■ **What the task asks**
Please transcribe the lines below exactly, and leave every image behind.

■ **Data provided**
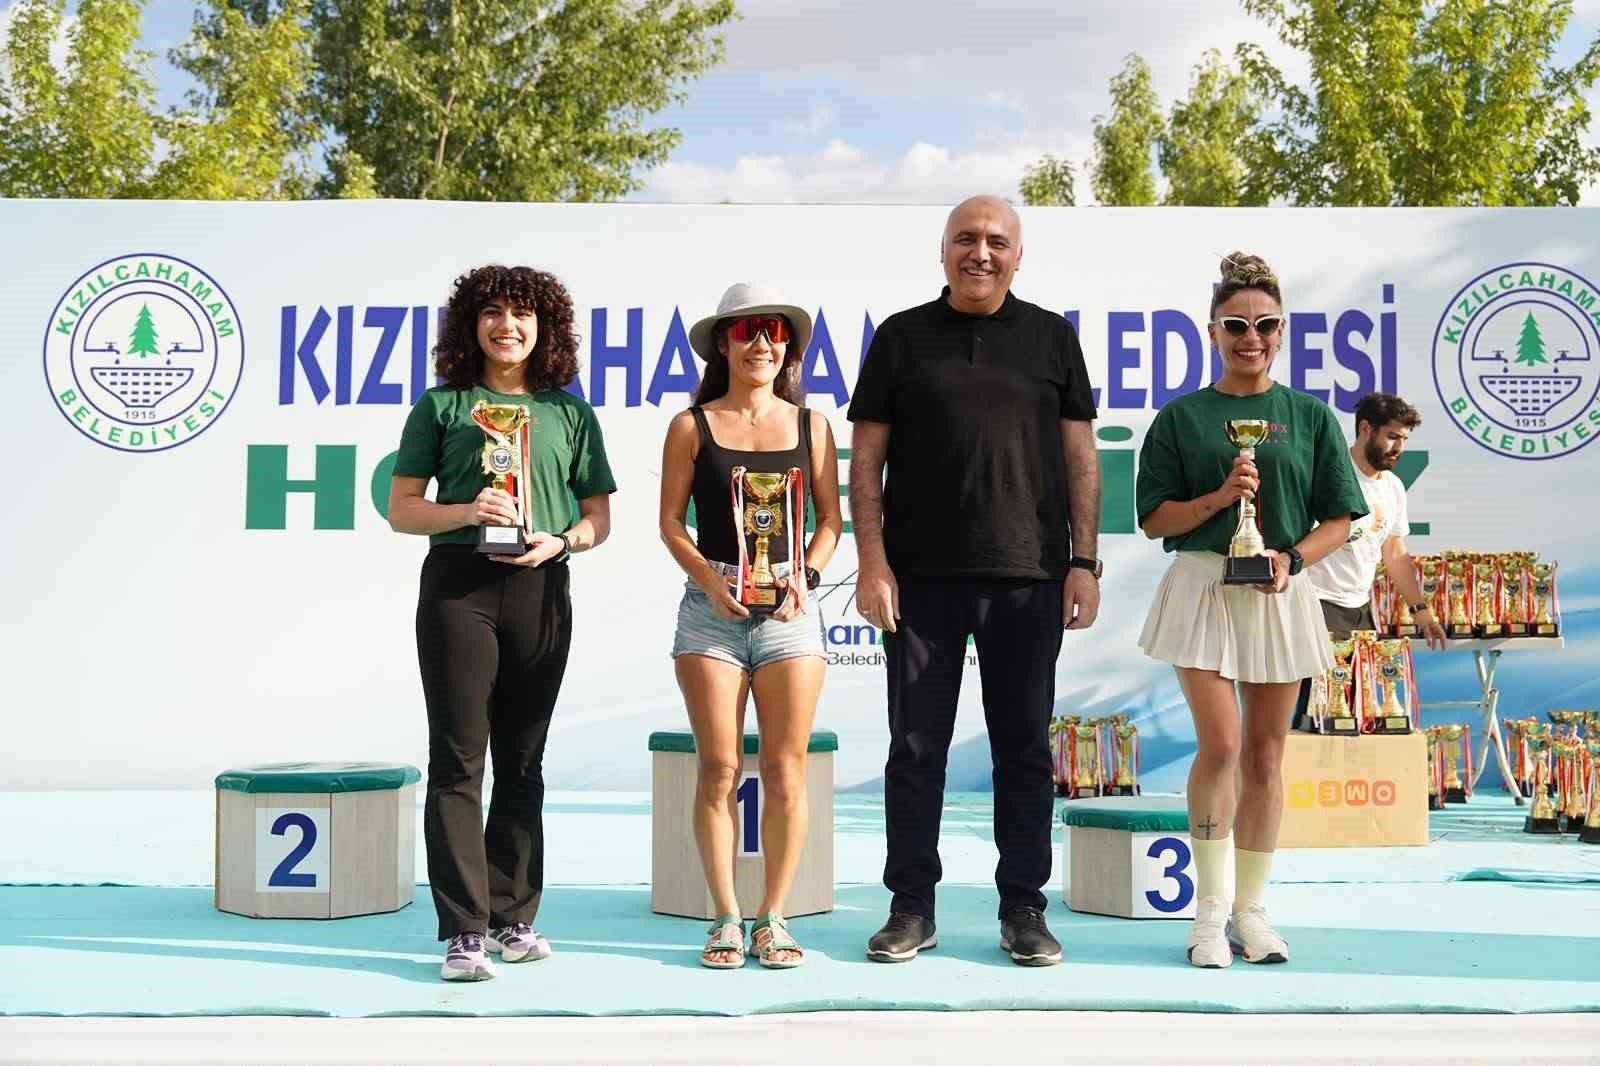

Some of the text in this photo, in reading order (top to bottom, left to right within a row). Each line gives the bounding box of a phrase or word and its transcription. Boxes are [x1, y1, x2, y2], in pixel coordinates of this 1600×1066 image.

[56, 262, 234, 338] KIZILCAHAMAM
[60, 389, 225, 446] BELEDİYESİ
[124, 410, 156, 420] 1915
[1514, 418, 1547, 428] 1915
[268, 813, 317, 887] 2
[736, 777, 759, 853] 1
[1145, 837, 1194, 913] 3

■ **Task answer**
Some of the text in this photo, in reading order (top to bottom, left to right within a row). Each line gives the bounding box of a phrase or word and its transcription. Boxes are [x1, y1, x2, y2], in pixel coordinates of this 1600×1066 image.

[56, 262, 234, 338] KIZILCAHAMAM
[60, 389, 225, 446] BELEDİYESİ
[124, 410, 156, 420] 1915
[1514, 418, 1547, 428] 1915
[268, 813, 317, 887] 2
[736, 777, 759, 853] 1
[1145, 837, 1194, 913] 3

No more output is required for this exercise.